And the more this word "household" comes to contain teaching, invention, the arts, politics, morals, publicity, speech, literature, the more you will see that it is only the application of our experience of a private household to the world at large. And it is I think a -- an important document, volume 298 of the United States Report. It stands -- that it is here suddenly expressed that the -- the community has a right to interfere, because the work of every individual has become a problem -- public problem.

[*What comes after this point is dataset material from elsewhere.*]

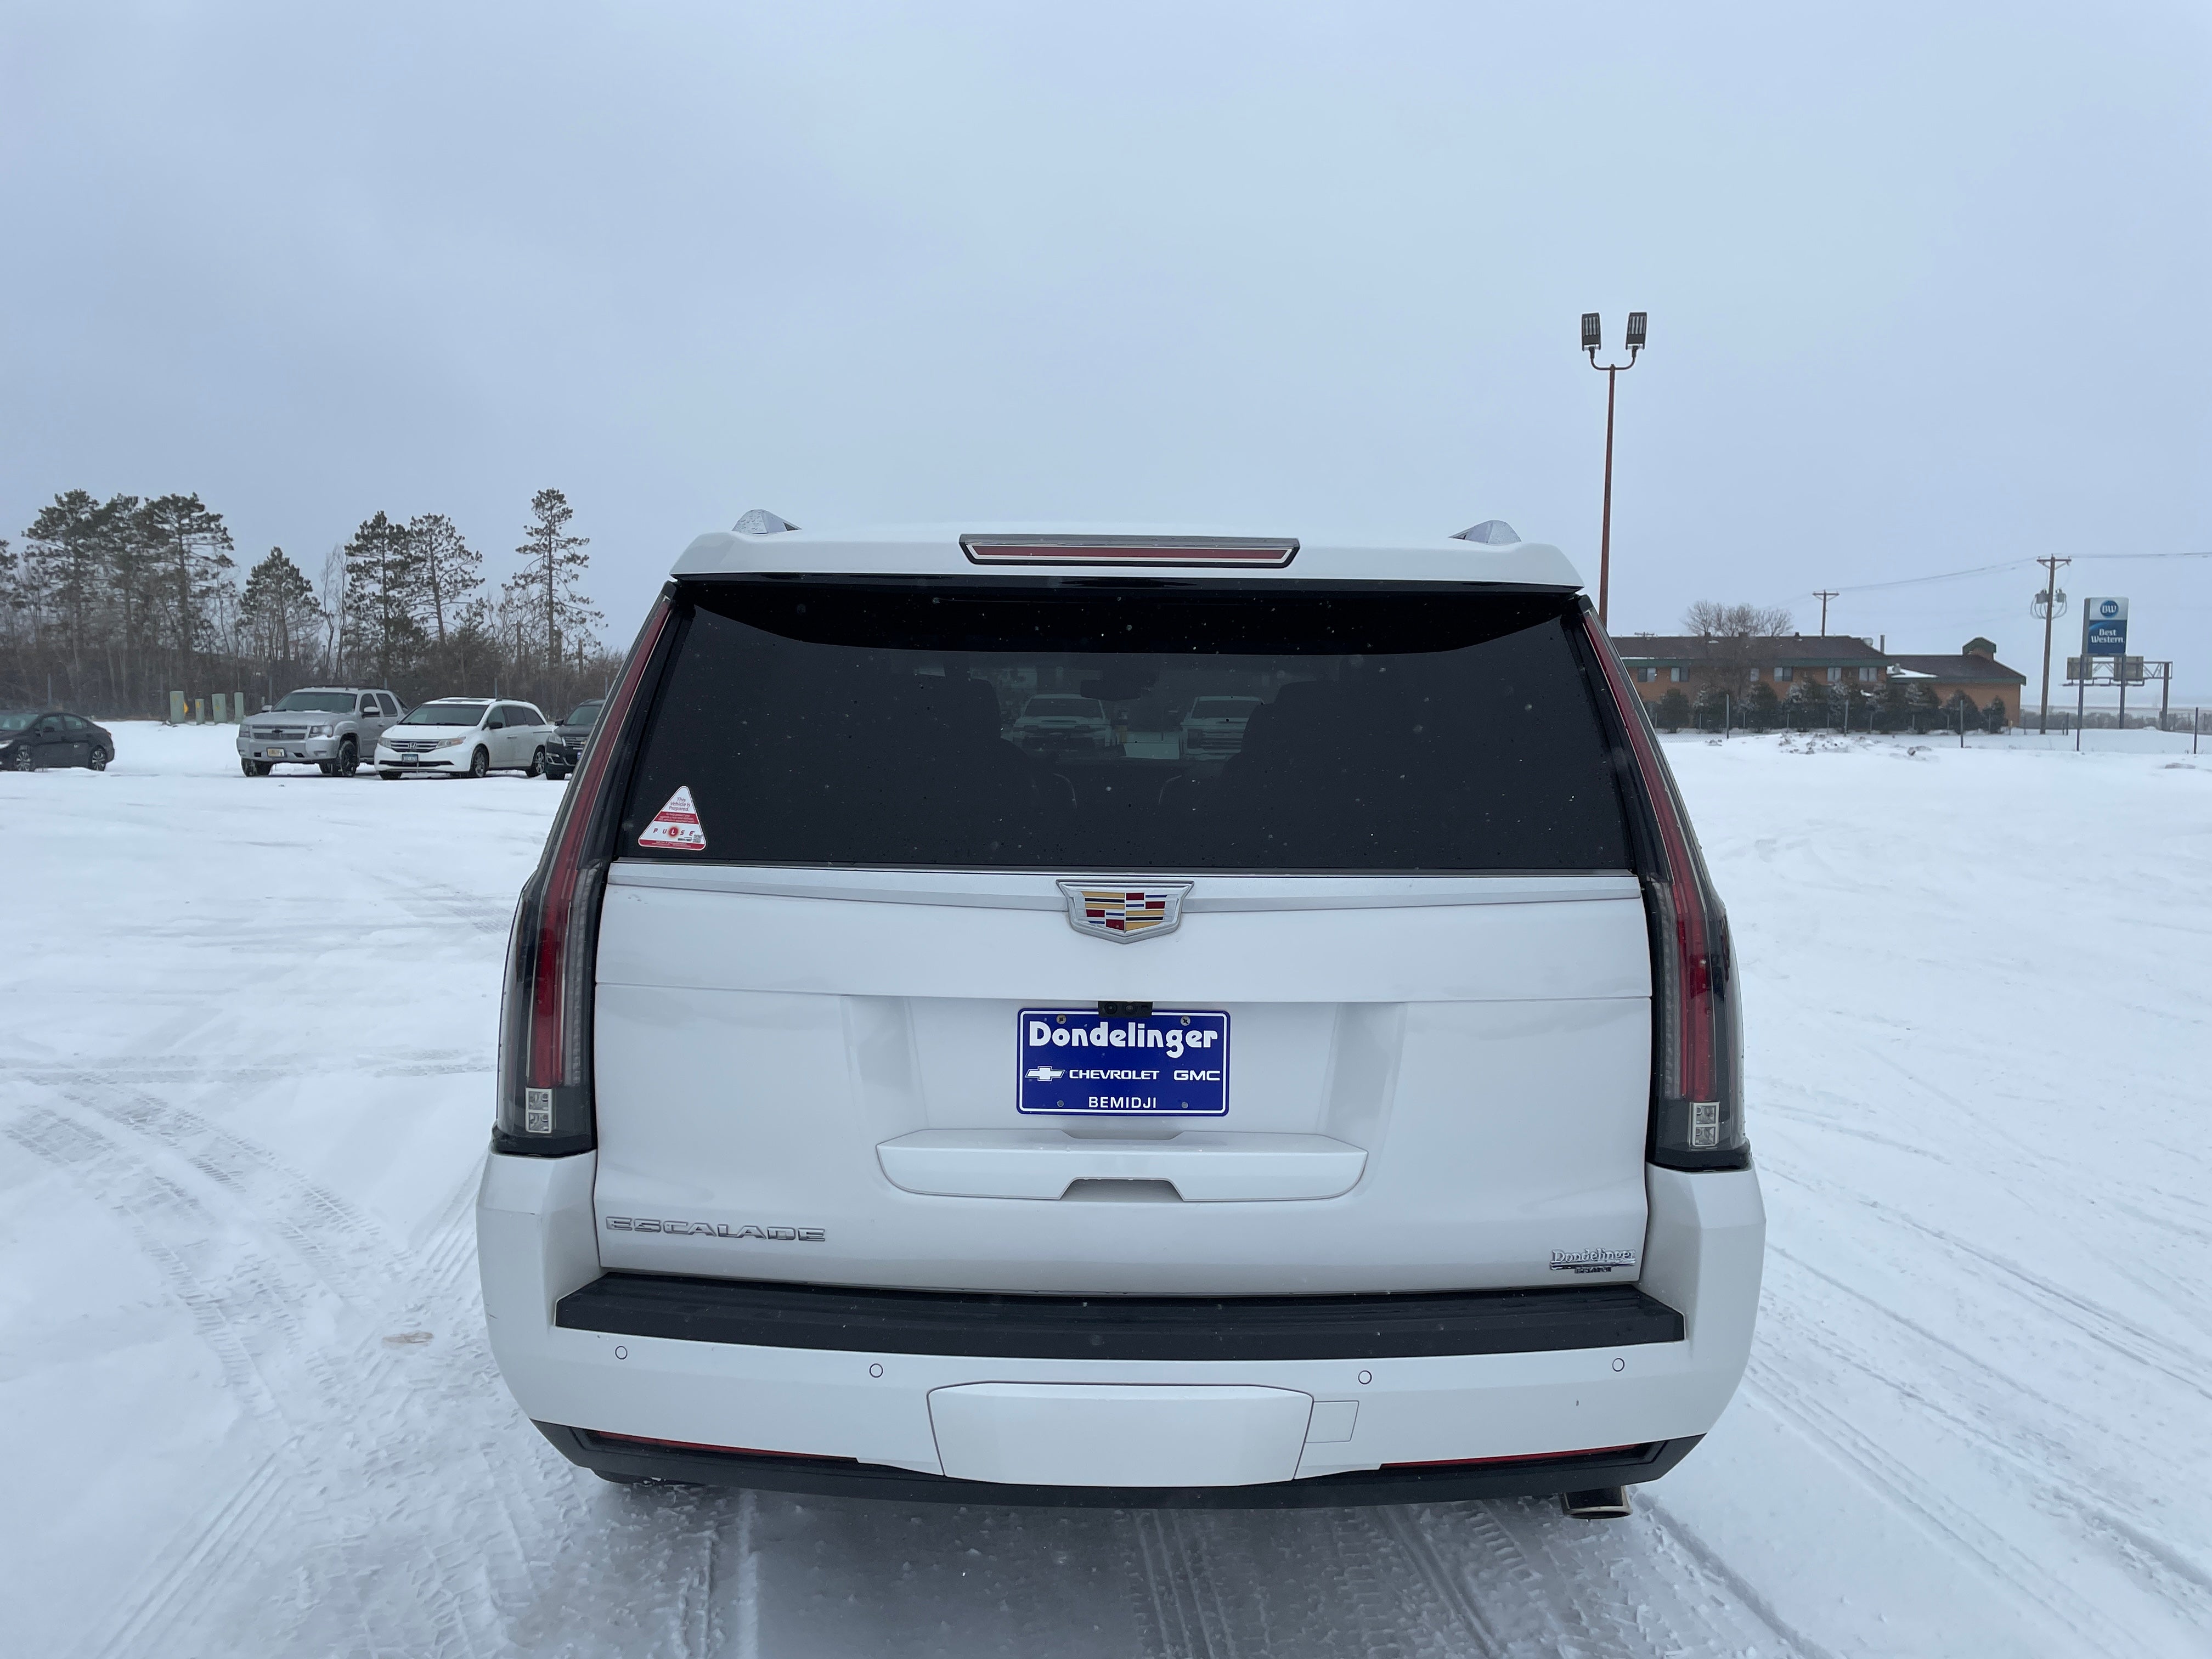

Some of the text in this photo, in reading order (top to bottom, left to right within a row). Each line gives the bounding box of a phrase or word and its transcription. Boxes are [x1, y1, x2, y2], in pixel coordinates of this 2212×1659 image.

I have always held -- I have published the first book on this 40 -- in 1921--that's a long time ago, after all--in which I submitted a balance sheet for a factory which had all its people, its workers commute over large distances, of -- from 15 to 20 miles, with all the accidents involved, all the crime involved; and I showed that if they would decentralize and delegate powers, it would be much cheaper for them, because they had to pay for the -- for the sickness, for the crime, for the education, for the playgrounds of all these people, forcefully contracted, so to speak, in -- in centralized business. And if they would bring their turbines and their electro-motors out into the -- into the villages, into the -- small communities, they would -- instead of paying high taxes, would have low taxes.

I could prove this by figures, but the last 150 years, as you know, has kept people's reason--Sir, by the way, that's also a part of reason--that bigger is better than small. And that's a fascination in this country which has of course to do with our problem of the unconquered territory, unorganized territories. It has always been held that bigger is better than small.

I once bought for a school an old place with a factory chimney on it. And we asked the -- the seller if he could take down this. And he argued, and he said, "You can't do this," and "Leave it, please."

And we said, "Why?"

He said, "In 1840, my grandfather built this chimney to show that he was a

rich man. It has never been used."

But it only goes to show you that the fascination of bigness, this huge chimney, you see, has existed outside this country as well as here, to show off -- to have something big to show was in itself meritorious. It was a stroke of success.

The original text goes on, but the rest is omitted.